En los casos acumulados West Virginia v. B.P.J. y Little v. Hecox, el tribunal resolvió por seis votos contra tres, con disensos parciales, que los centros escolares pueden determinar la elegibilidad para los equipos femeninos en función del sexo biológico sin infringir la cláusula de igual protección ni el Título IX, la ley federal que prohíbe la discriminación por sexo en los programas educativos que reciben fondos federales. Los casos afectaban a dos varones biológicos que se identifican como mujeres.
El juez Brett Kavanaugh, redactor de la opinión mayoritaria, explicó que los equipos deportivos separados para varones y mujeres son razonables, pues las diferencias físicas entre los sexos reducen el riesgo de lesiones y protegen la competición justa. Añadió que las leyes de Virginia Occidental e Idaho, aun estableciendo una clasificación basada en el sexo, superan el escrutinio judicial: «Los intereses en la seguridad y la equidad competitiva son importantes a efectos del análisis de igual protección».
«No son mujeres, aunque crean serlo»
En una breve opinión concurrente, el juez Clarence Thomas afirmó que «la condición transgénero no es una clase sospechosa que requiera un escrutinio reforzado de igual protección» y que «los hombres y los niños con disforia de género no son mujeres ni niñas, aunque crean serlo». Citando a Josef Pieper, advirtió que usar el lenguaje para oscurecer la realidad —mostrar «indiferencia respecto de la verdad»— es «mentir al público» y dejar de tratar a los conciudadanos como «iguales».
Amparo a la libertad religiosa y a los padres
El fallo llega después de otras dos victorias significativas frente al avance legal de la ideología de género. En marzo, en Chiles v. Salazar, el tribunal falló por ocho votos contra uno a favor de Kaley Chiles, una terapeuta cristiana de Colorado Springs a la que el Estado pretendía impedir que hablara de la fe con sus clientes menores de edad que atravesaban confusión de género. Colorado había prohibido la llamada «terapia de conversión» con una definición tan amplia que silenciaba cualquier conversación entre un consejero y un menor sobre su realidad biológica. Fue la tercera derrota de Colorado ante el Supremo en asuntos de coacción ideológica, tras Masterpiece Cakeshop y 303 Creative.

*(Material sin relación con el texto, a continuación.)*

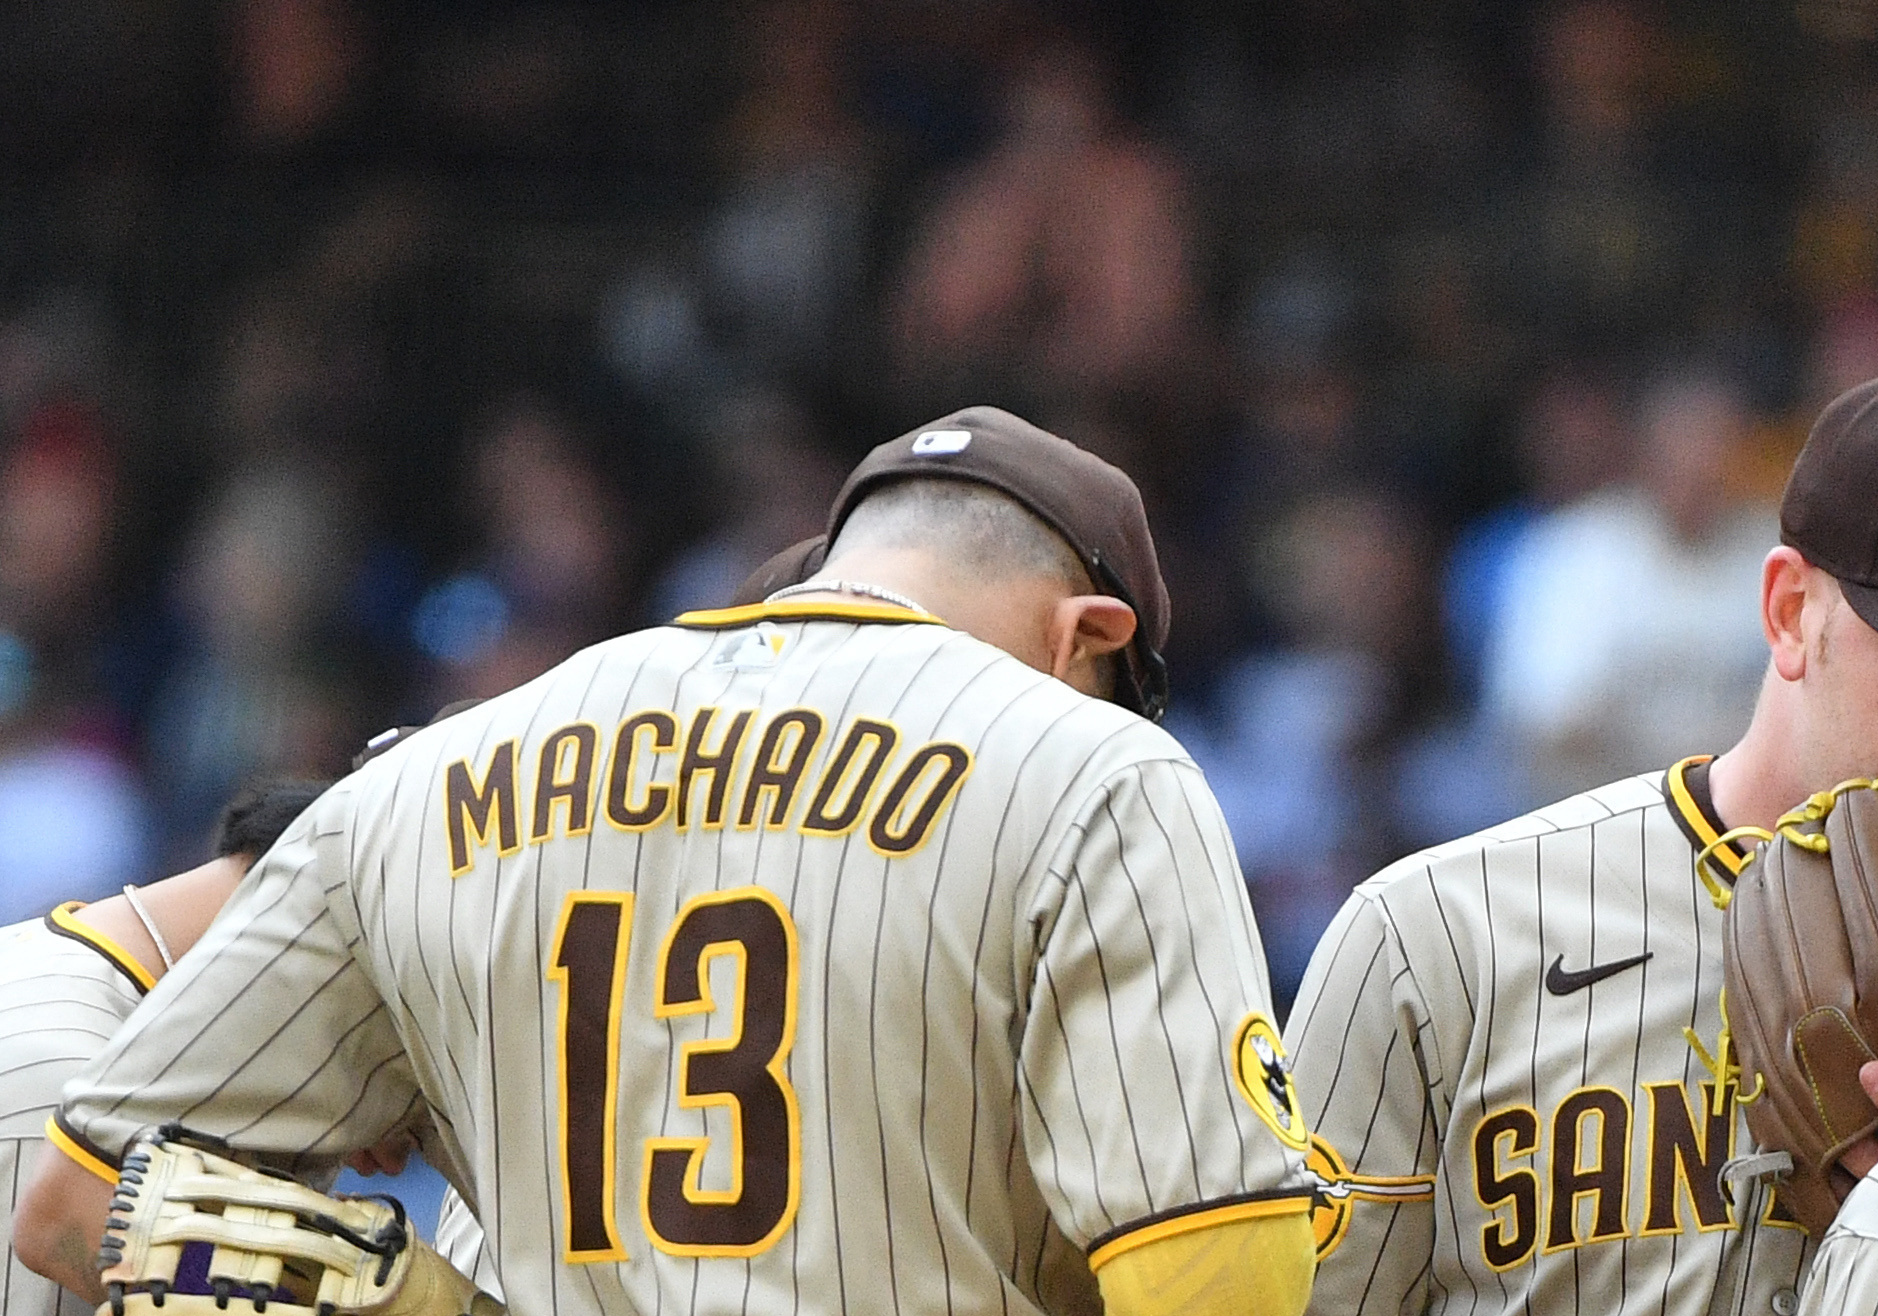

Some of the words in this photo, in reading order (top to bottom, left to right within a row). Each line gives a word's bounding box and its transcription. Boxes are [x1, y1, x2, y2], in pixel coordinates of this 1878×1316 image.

[445, 706, 974, 878] MACHADO
[547, 884, 800, 1263] 13
[1472, 1079, 1740, 1273] SAN

En el marco de urgencia, el tribunal intervino además en Mirabelli v. Bonta, frente a una política de California que permitía a las escuelas públicas «transicionar» socialmente a los niños —cambiando su nombre, pronombres y presentación— sin conocimiento ni consentimiento de los padres. El tribunal consideró probable que la política fuera inconstitucional y levantó la suspensión que había bloqueado la aplicación de la norma que la impugnaba. La señal fue inequívoca: los padres, y no los administradores escolares, son los primeros educadores de sus hijos.
Sombras del mismo período
No todos los fallos fueron motivo de celebración. En Landor v. Louisiana, el tribunal resolvió por seis votos contra tres que la ley federal que protege la libertad religiosa de los presos no autoriza indemnizaciones económicas contra funcionarios estatales a título individual; Damon Landor, un recluso rastafari al que le raparon ilegalmente la cabeza mientras lo sujetaban, no recibirá compensación alguna. Además, el tribunal declinó reinstaurar la suspensión de los protocolos de seguridad relajados de la FDA para la píldora abortiva mifepristona, que siguen vigentes mientras continúa el litigio de fondo.
El próximo período ya se perfila igualmente decisivo, con casos pendientes sobre la libertad religiosa de una escuela parroquial católica en Colorado y sobre la impugnación por parte de unos padres de una ley del Estado de Washington que permite acoger a menores fugados que buscan intervenciones médicas de cambio de sexo sin informar a sus progenitores. En conjunto, los fallos de este curso reafirman que los padres tienen la responsabilidad primaria en la crianza de sus hijos y que la Constitución no se pliega ni a la moda ni a la ideología.